Improving maritime supply chain reliability is once again a top corporate issue, but stretched logistics teams often struggle to build a business case for adoption of shipment visibility systems.
In February’s Logistics Executive Briefing, Drewry analysed how, with carrier performance targets continuously being missed, shippers are re-evaluating processes to keep tabs on carrier service delivery and accountability.
This month, Drewry provides insight into the business needs specifications and recommended steps to plan, prepare and implement visibility programmes in a white paper.
Why are BCOs and shippers struggling with visibility?
Stuck between structurally worsening market conditions and increasing customer expectations, BCOs find themselves forced to innovate. The need to know where their cargo is and when it will reach its destination has evolved from being a luxury feature for high-end supply chains to a necessity item in each BCO’s competitive toolkit. Yet our industry research shows that more than 80% of importers do not have full tracking of their shipments.

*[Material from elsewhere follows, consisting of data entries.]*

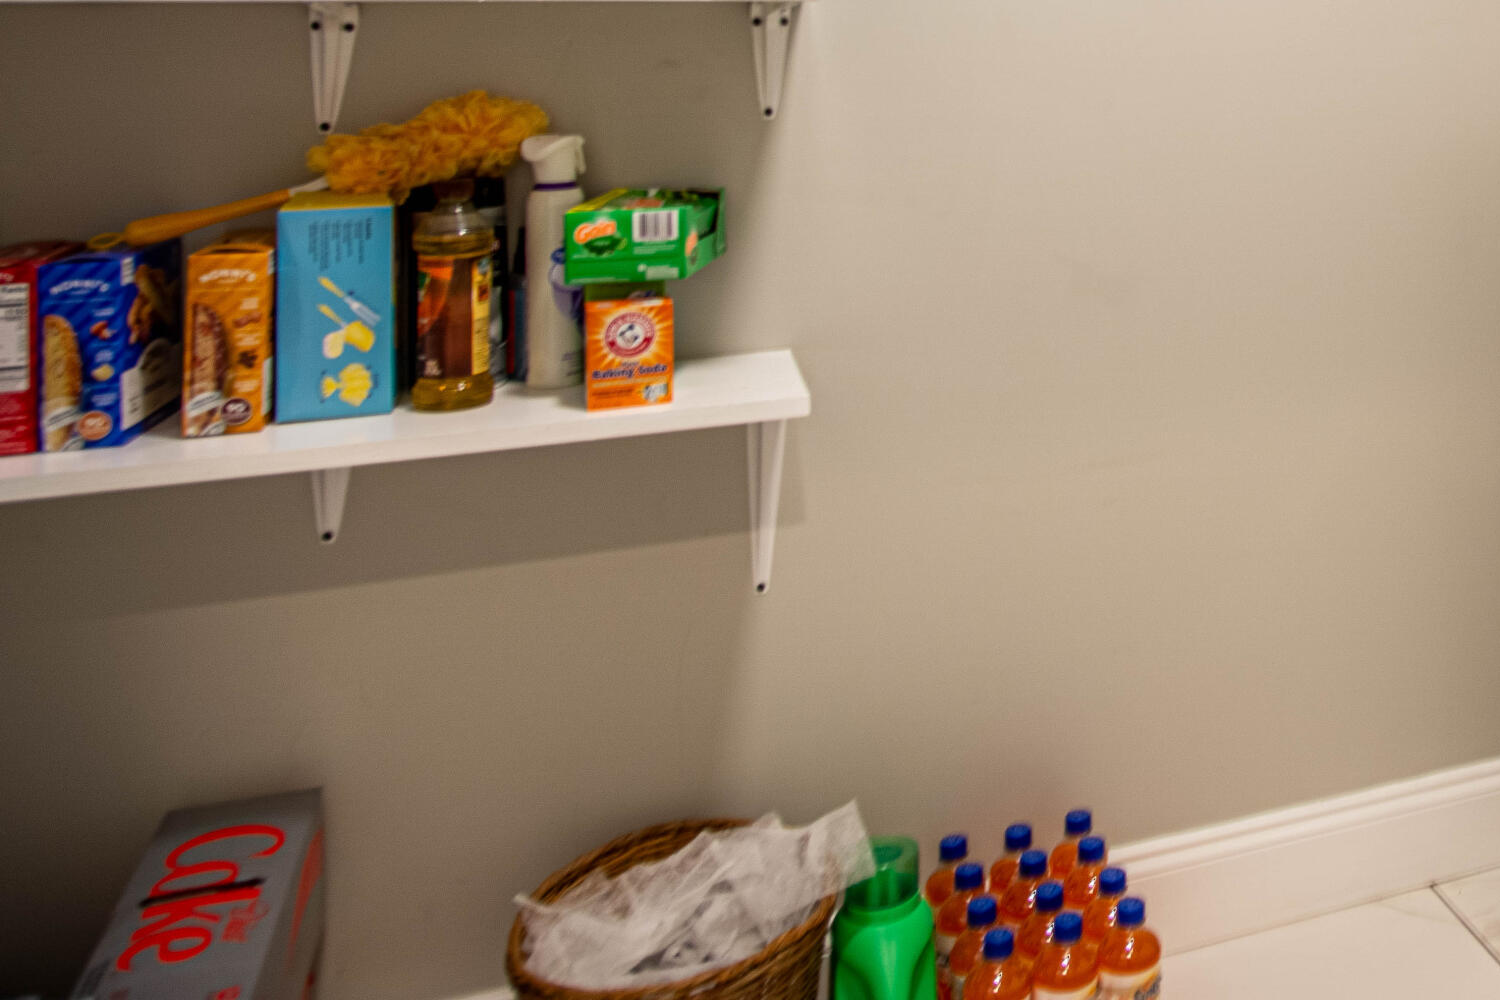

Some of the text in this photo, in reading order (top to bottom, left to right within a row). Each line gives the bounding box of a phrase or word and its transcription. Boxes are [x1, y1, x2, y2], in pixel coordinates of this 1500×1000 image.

[592, 364, 668, 379] Baking Soda
[115, 823, 286, 972] Coke
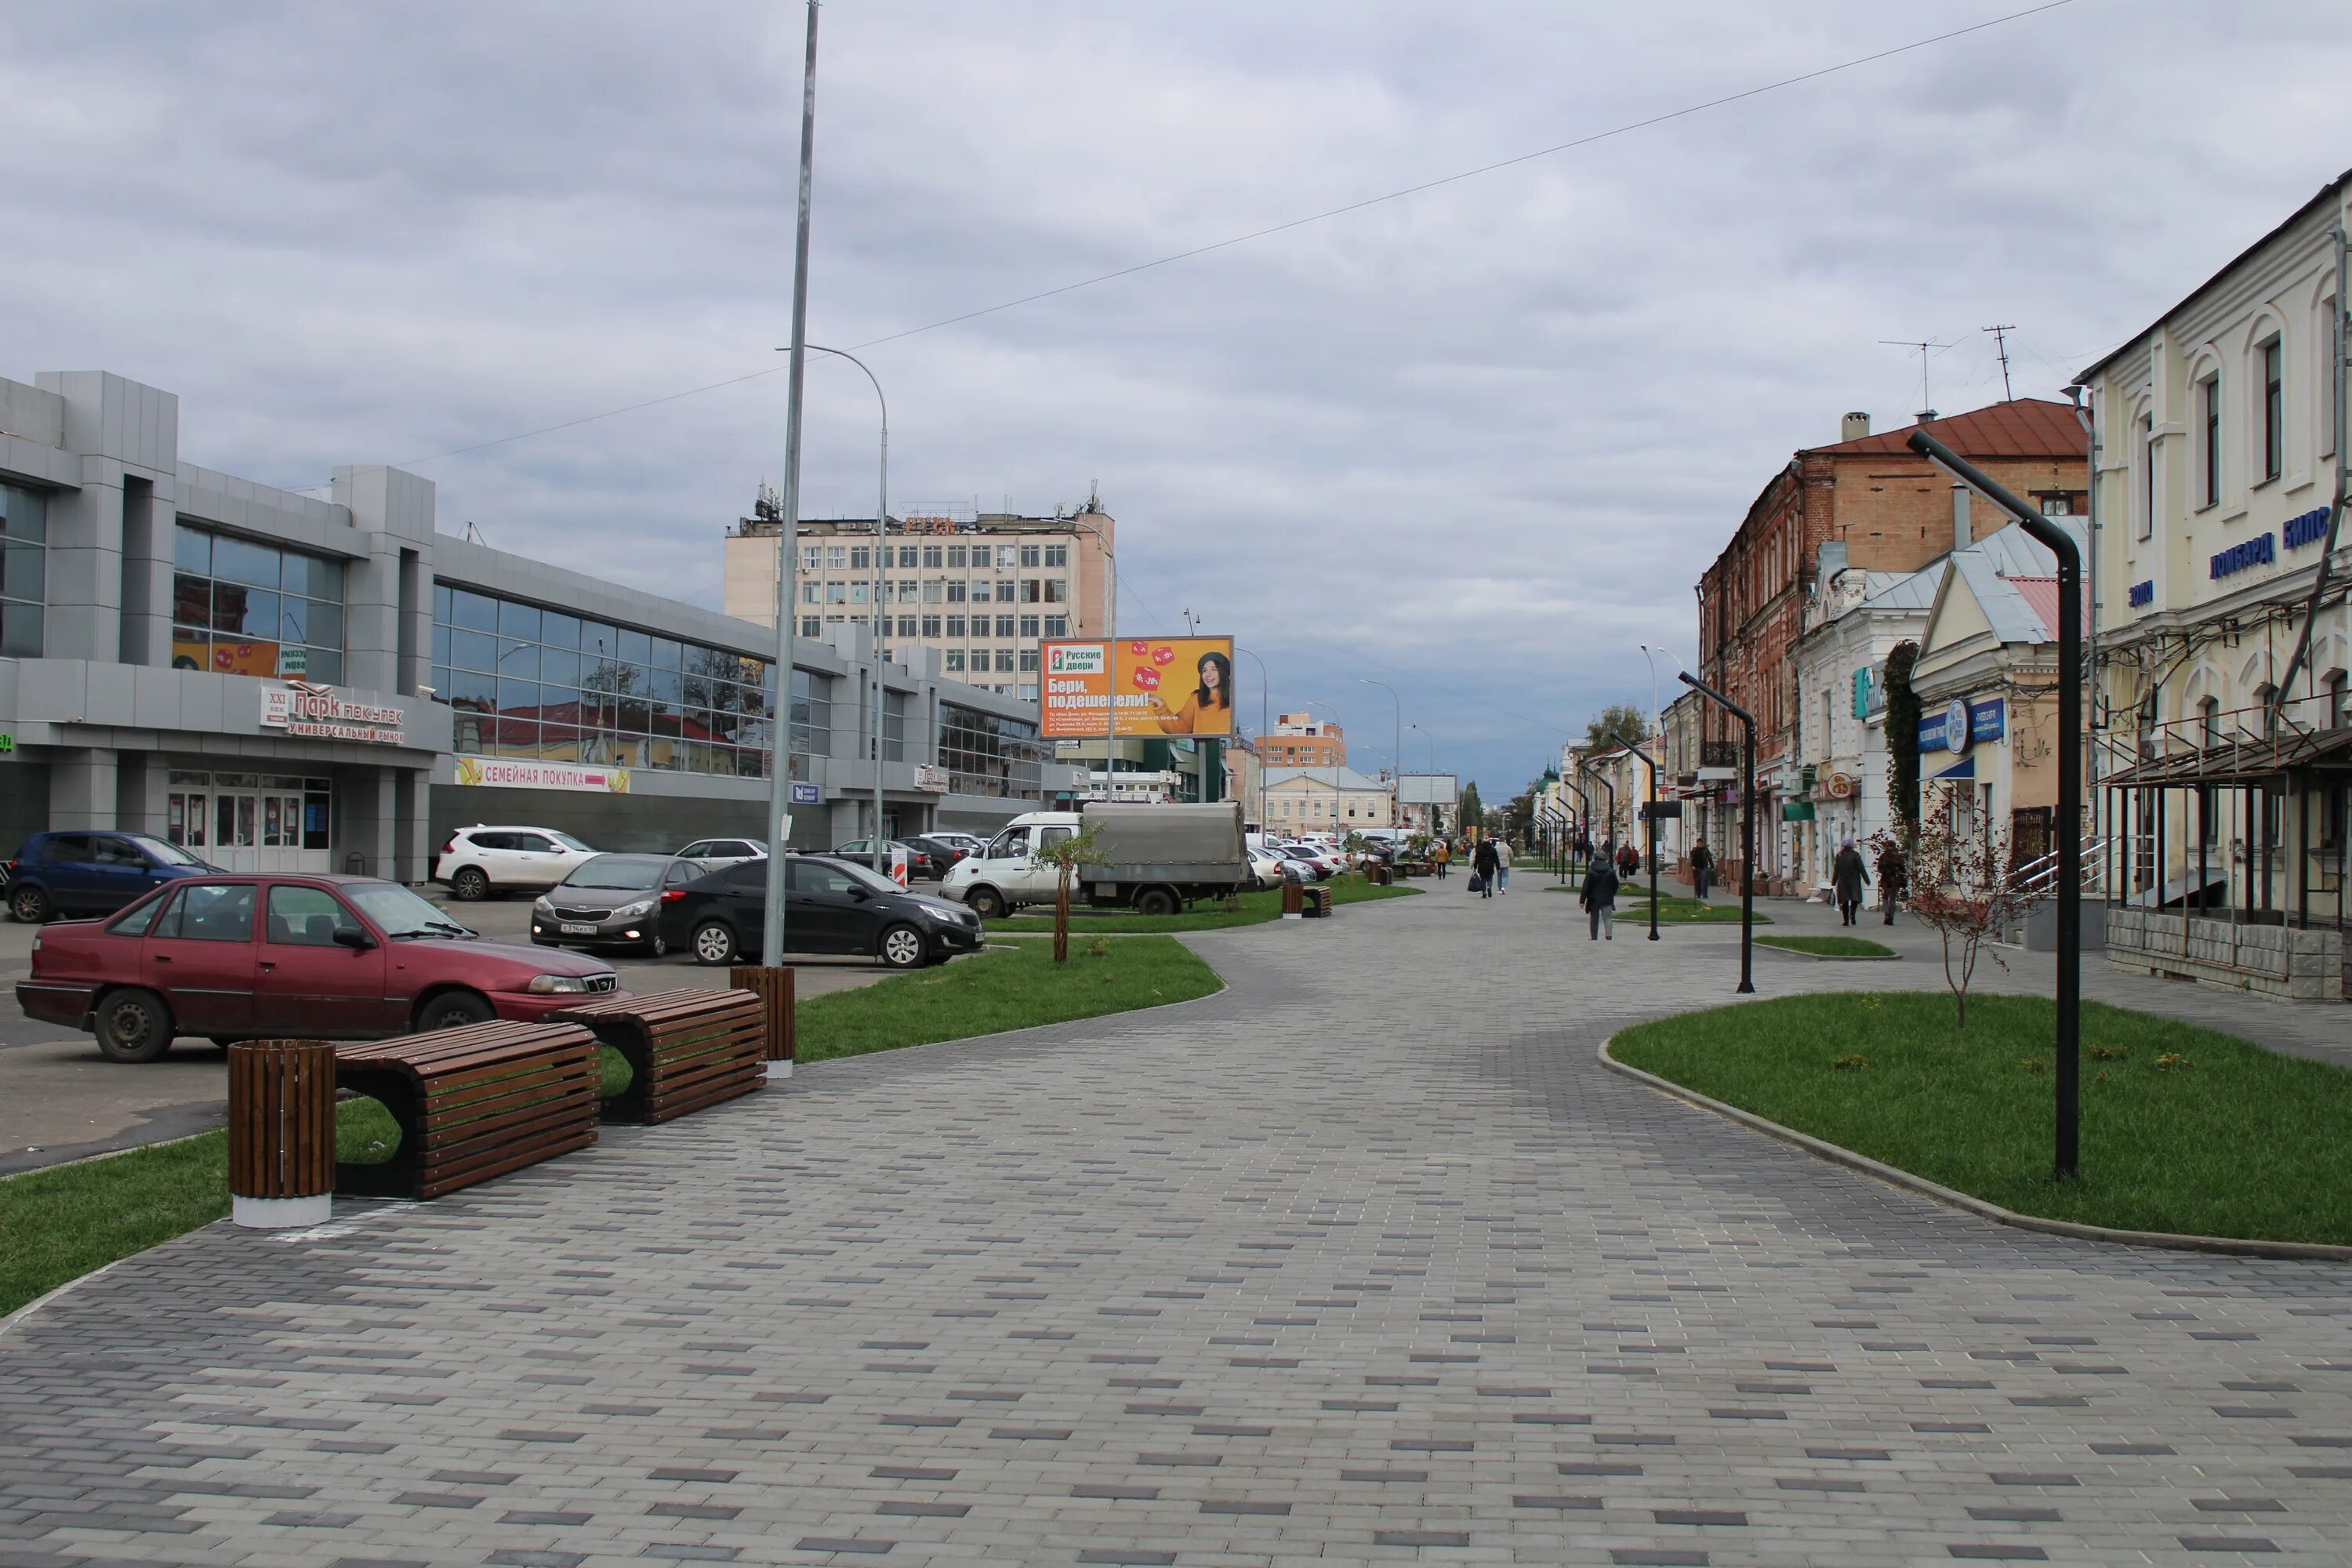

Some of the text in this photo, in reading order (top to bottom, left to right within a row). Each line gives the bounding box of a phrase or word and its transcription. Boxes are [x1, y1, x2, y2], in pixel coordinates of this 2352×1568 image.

[2210, 532, 2274, 579] ЛОМБАРД
[1066, 651, 1101, 660] Русские
[1066, 662, 1093, 671] двери
[1047, 678, 1087, 694] Бери,
[270, 694, 285, 704] XXI
[295, 691, 340, 720] Парк
[289, 723, 404, 742] УНИВЕРСАЛЬНЫЙ РЫНОК
[485, 765, 584, 786] СЕМЕЙНАЯ ПОКУПКА
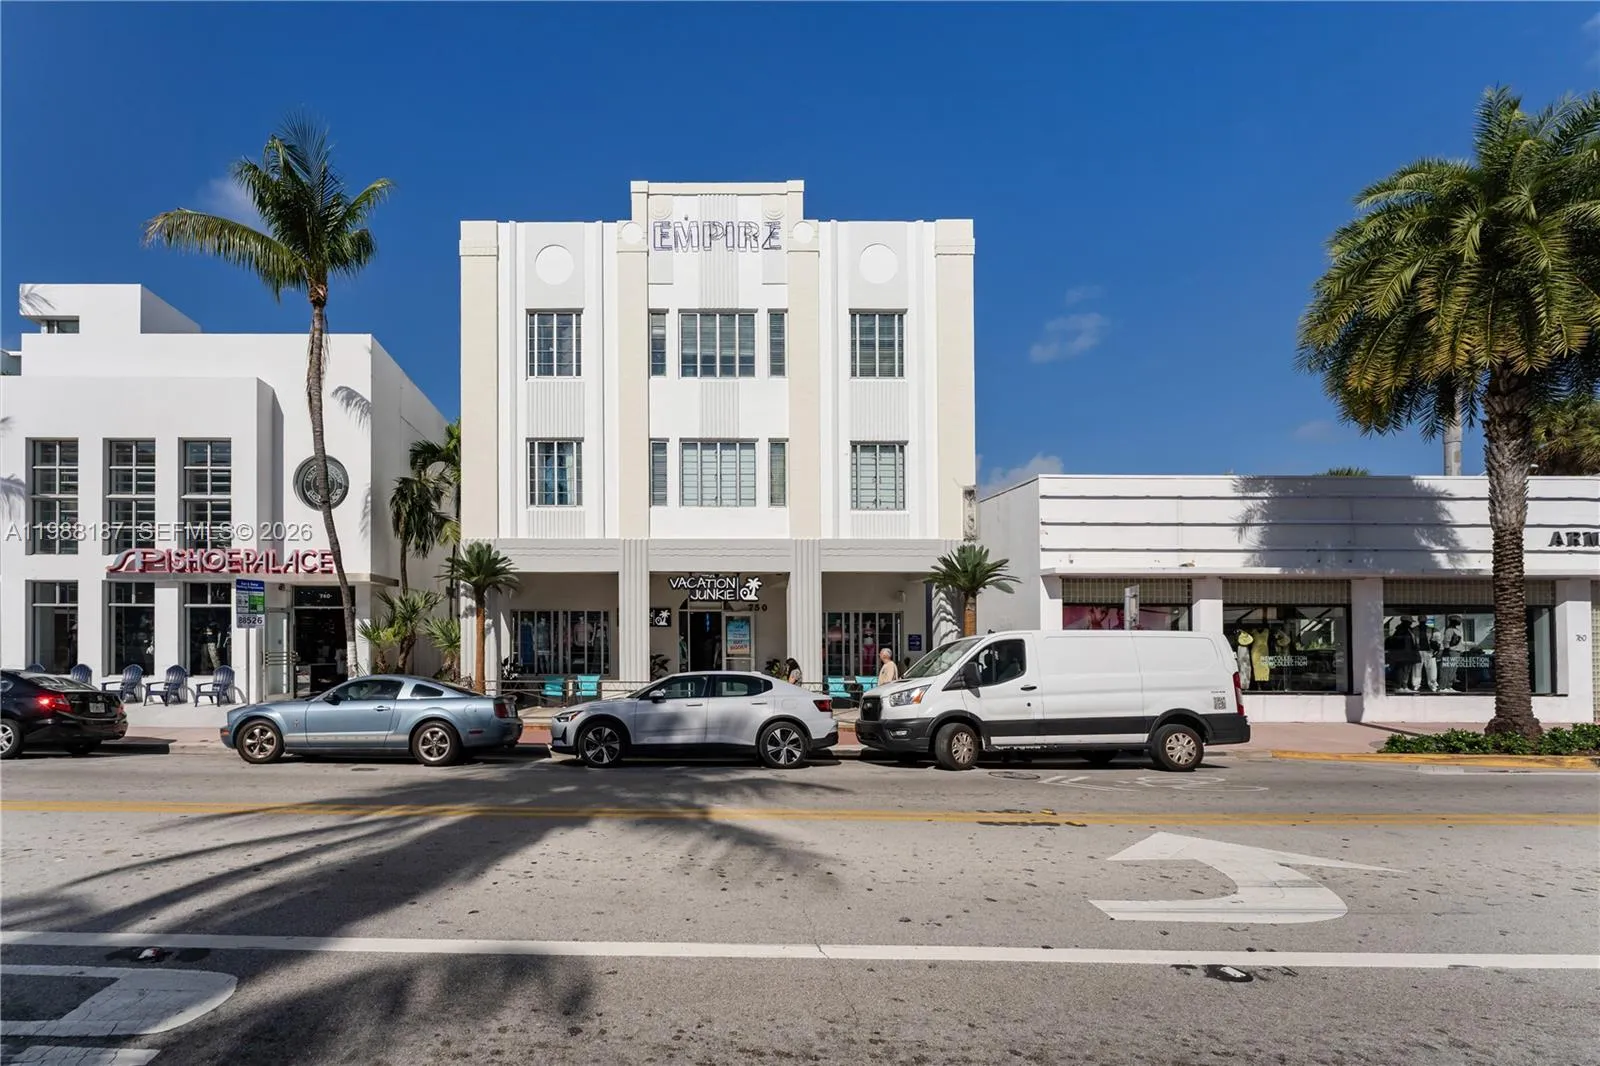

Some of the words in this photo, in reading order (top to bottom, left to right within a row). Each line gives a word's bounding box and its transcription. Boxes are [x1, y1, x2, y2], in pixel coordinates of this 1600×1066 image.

[670, 577, 736, 589] VACATION
[690, 589, 735, 600] JUNKIE
[748, 604, 768, 612] 750
[238, 616, 264, 625] 88526

Clearly, no two supply chains are the same and there are no low-cost, “one-size-fits-all” visibility solutions. Hence every visibility project has to be mapped out, starting with a blank piece of paper. Furthermore, already stretched logistics teams often do not have internal project resources or time to run analyses and feasibility studies on shipment visibility systems, or the digital skills to bring such projects to fruition. And there is a lack of industry standards and joined-up processes and systems capable of covering all transport modes.
Turning data into actions
The shipment visibility technology sector finds itself already in a period of rapid growth and product diversification, which offers distinct opportunities for BCOs. Drewry will continue to review the visibility sector and work with BCOs to identify appropriate solutions and plan their implementation. Key to the value of visibility programme is the understanding and mapping of key data sets to real business applications.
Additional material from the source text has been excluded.